Lucid Dreaming Checklist
I. Step One - Remembering Your Dreams
Depending on your abilities, lucid dreaming can be a little bit of work. Although you want it to be as fun as possible, you also must be patient. Your first task is to make a habit of remembering your dreams. Every person dreams several times every night, but the average person remembers few if any dreams the next day. How many times has someone said something that triggered a memory of a dream that you had the night before and you awoke from determined to remember it in the morning. Forgetting your dreams is a normal process that occurs in the brain. The dream process is something like a cleaning crew that comes in at night and tidies things up, straightening the furniture and restocking the shelves. It leaves everything in your brain ready and refreshed for the next day. You awake in the morning unaware of all the processes that have gone on the night before. In the dream state, your brain has wrestled with your fears, worked on solving problems of relationships, attitudes, and self image. Remembering all of these things the next day would not only clutter your mind, but also make the dream processes less effective. In order to take more control over these processes, though, you will have to teach your mind to be more aware of them. In order to do this, you must lie still when you wake up in the morning. If you begin to move your muscles and participate in the world around you, even by listening to a song on your clock radio, the dream state and its memories will recede far away from you. A good habit, therefore, is to remember your dream and then as quickly as possible, write it down in a journal that you keep. You can do this by keeping a pencil and paper by your bed, or even a tape recorder. This practice will help you become more aware of your dreams.
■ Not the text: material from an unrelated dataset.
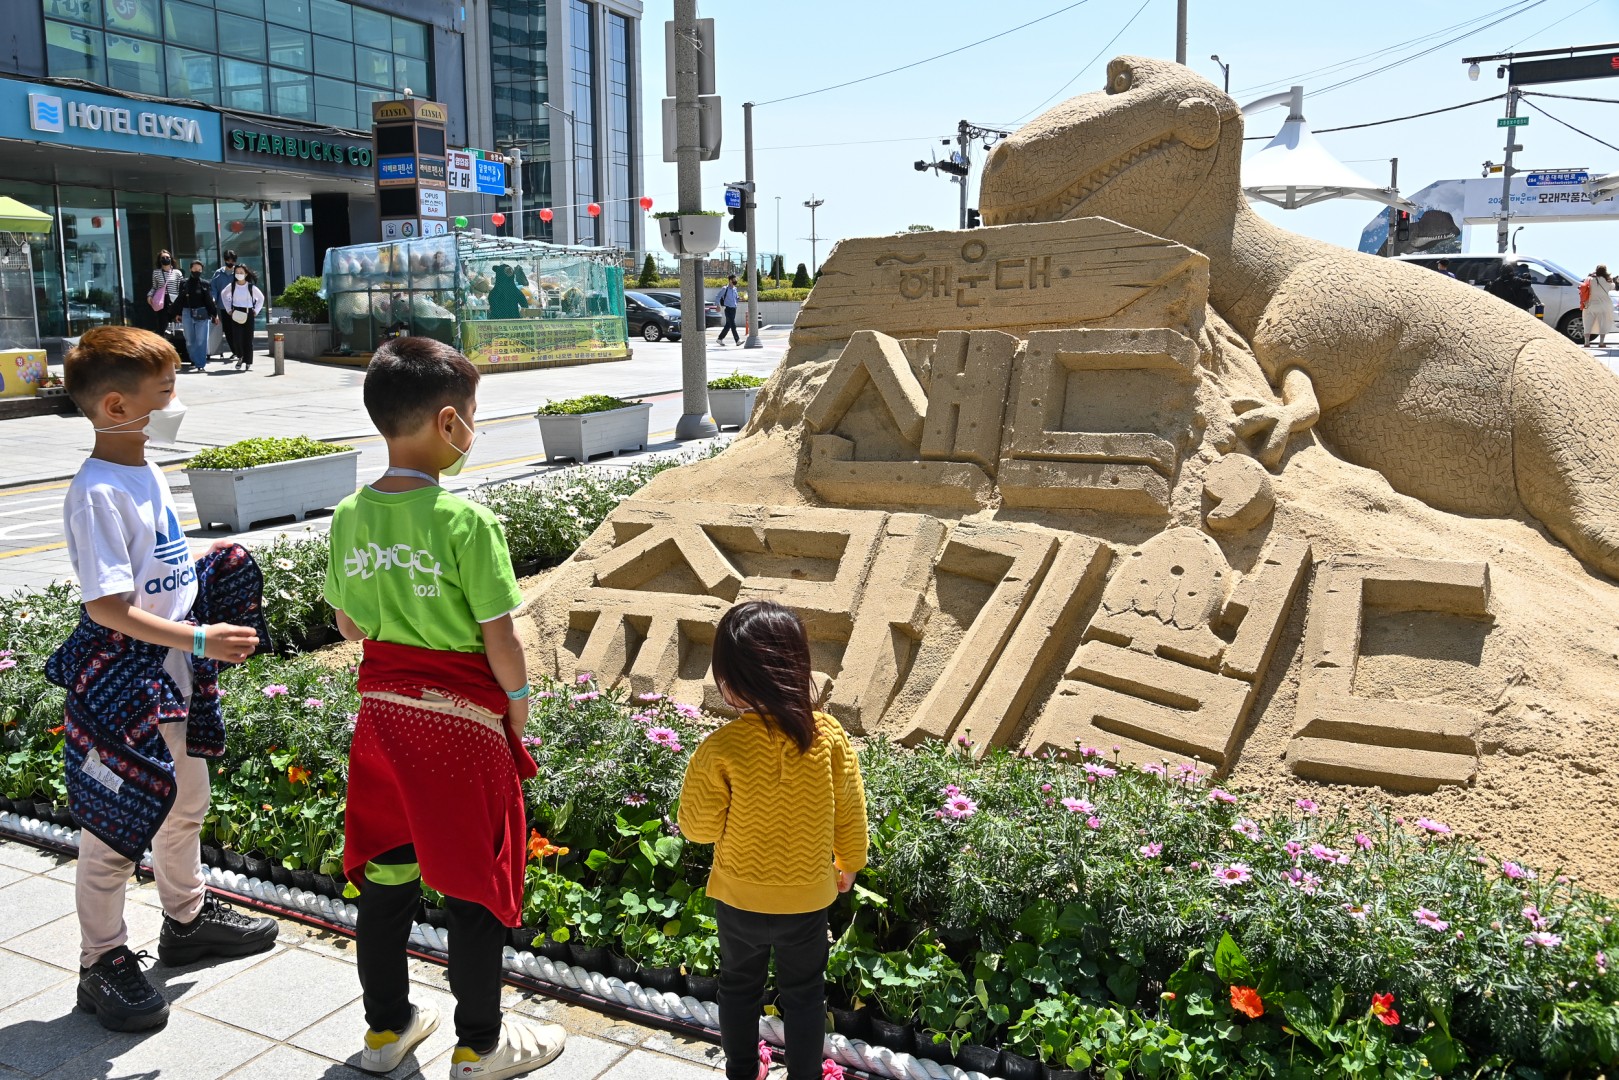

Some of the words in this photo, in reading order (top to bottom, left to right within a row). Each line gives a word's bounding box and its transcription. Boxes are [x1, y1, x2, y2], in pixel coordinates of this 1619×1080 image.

II. Step Two - Mentally Prepare Yourself
In order to get yourself ready for lucid dreaming, you must use some self-hypnosis. You want to implant the suggestion in your mind that you will be aware that you are dreaming. The process is similar to the times when you are afraid that you will oversleep and you tell yourself that you must awake earlier in the morning. Your brain responds by waking you up in the morning, some times with uncanny accuracy. in the same way, you must serve notice to your brain that you want to be lucid during your dreams. This will help set the stage for the desired effect. The best time for lucid dreaming, however, is in the morning. repeaating to yourself as you fall asleep that you want to remember your dreams will help you to remember your mission when you awake, if not during the dream. Our drerams occur during REM sleep. These REM periods occur in 90 minute cycles after about four hours of sleep. If you are really serious about trying to induce lucid dreaming, you can set your alarm, preferrably not a clock radio alarm, to go off during these times. When you awaken, you should try to remember the dream you were having and try to return to the dream, all the time saying to yourself that you will be aware this time that you are dreaming.
III. Make It a Practice

Because lucid dreaming is a process, you should expect to spend some time getting proficient at it. Admittedly, some people will naturally be better at it than others, but don't get discouraged. I am not able to have lucid dreams very often. Relax and enjoy the process.